Chandigarh, February 18, 2026: The Department of Political Science, Panjab University organised the Annual J.C. Anand Memorial Lecture. The speaker for the occasion was Prof. Satyajit Singh, Department of Political Science and Global Studies, University of California, Santa Barbara (U.S.A.).
Prof. Satyajit spoke on Polity as Fiction, Fiction as Reality with reference to Raag Darbari, a classical novel written in Hindi by Shrilal Shukla in 1968. Written barely two decades after Independence, the novel narrates an important story of rural India, local politics, and administration.
Prof. Yojna Rawat, Dean of University Instructions, was the Guest of Honour, and the session was chaired by Prof. Ashutosh Kumar, Department of Political Science, Panjab University. The Chairperson of the Department, Prof. Pampa Mukherjee, formally welcomed the audience and introduced the speaker.
In his lecture, Prof. Satyajit Singh said that Raag Darbari has been neglected by scholars of Indian administration. He referred to the literary acclaim accorded to the novel by scholars such as Rupert Snell and Ulka Anjaria for its deft use of satire, realistic depiction, and continued contemporary relevance. Drawing on the work of noted anthropologist Akhil Gupta, he underlined that the novel is quasi-ethnographic, where Shukla depicts everyday realities through a thick description of village life and the improbability of the everyday.

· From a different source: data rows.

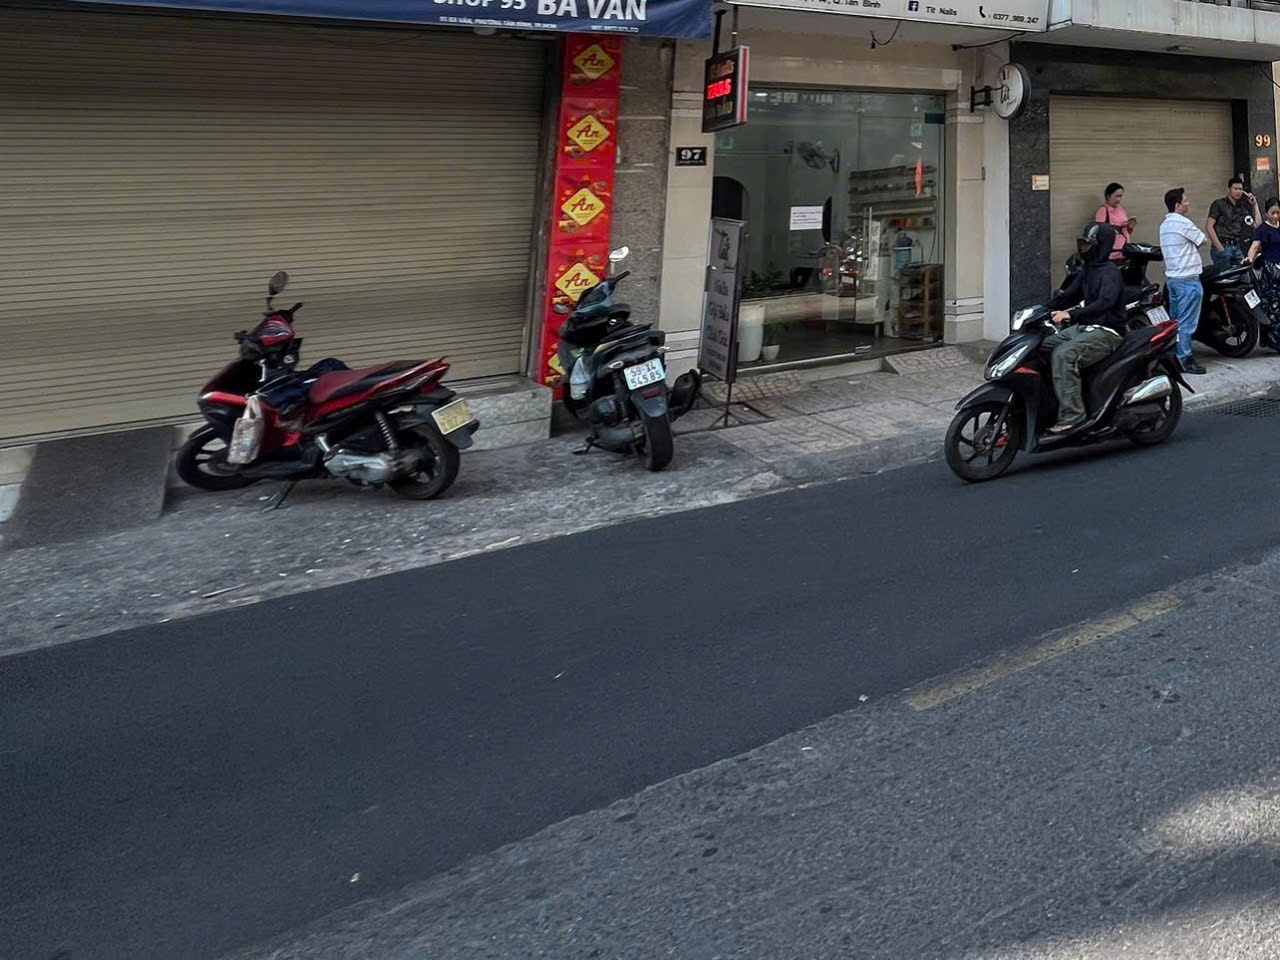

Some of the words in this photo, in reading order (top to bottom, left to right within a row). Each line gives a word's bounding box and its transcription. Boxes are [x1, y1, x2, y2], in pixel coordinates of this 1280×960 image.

[576, 124, 600, 139] An
[1256, 134, 1271, 148] 99
[681, 149, 702, 160] 97
[571, 197, 596, 213] An
[565, 272, 591, 288] An

Returning to administrative theory, Prof. Satyajit highlighted that Shukla provides a non-Eurocentric administrative thought. Given the limitations of Weberian and Wilsonian approaches that promote centralised administrative structures, Shukla offers a local perspective on administration. He noted that, as a political ethnographer, he found Shukla more relevant than much of the existing administrative literature. Administrative writings emphasising the autonomy of street-level bureaucrats emerged much later than Shukla’s work. In fact, Shukla goes beyond the street-level bureaucrat by underlining the agency and actions of local-level actors that influence policy implementation and local governance.
While acknowledging the pessimistic tone of Shukla, Prof. Satyajit concluded on a positive note on local governance and panchayats, stressing that institutional change and state capacities need to be strengthened to ensure safeguards against elite capture.
Distinguished administrators, family members of Prof. J.C. Anand, friends, guests, senior faculty members, and students also attended the memorial lecture.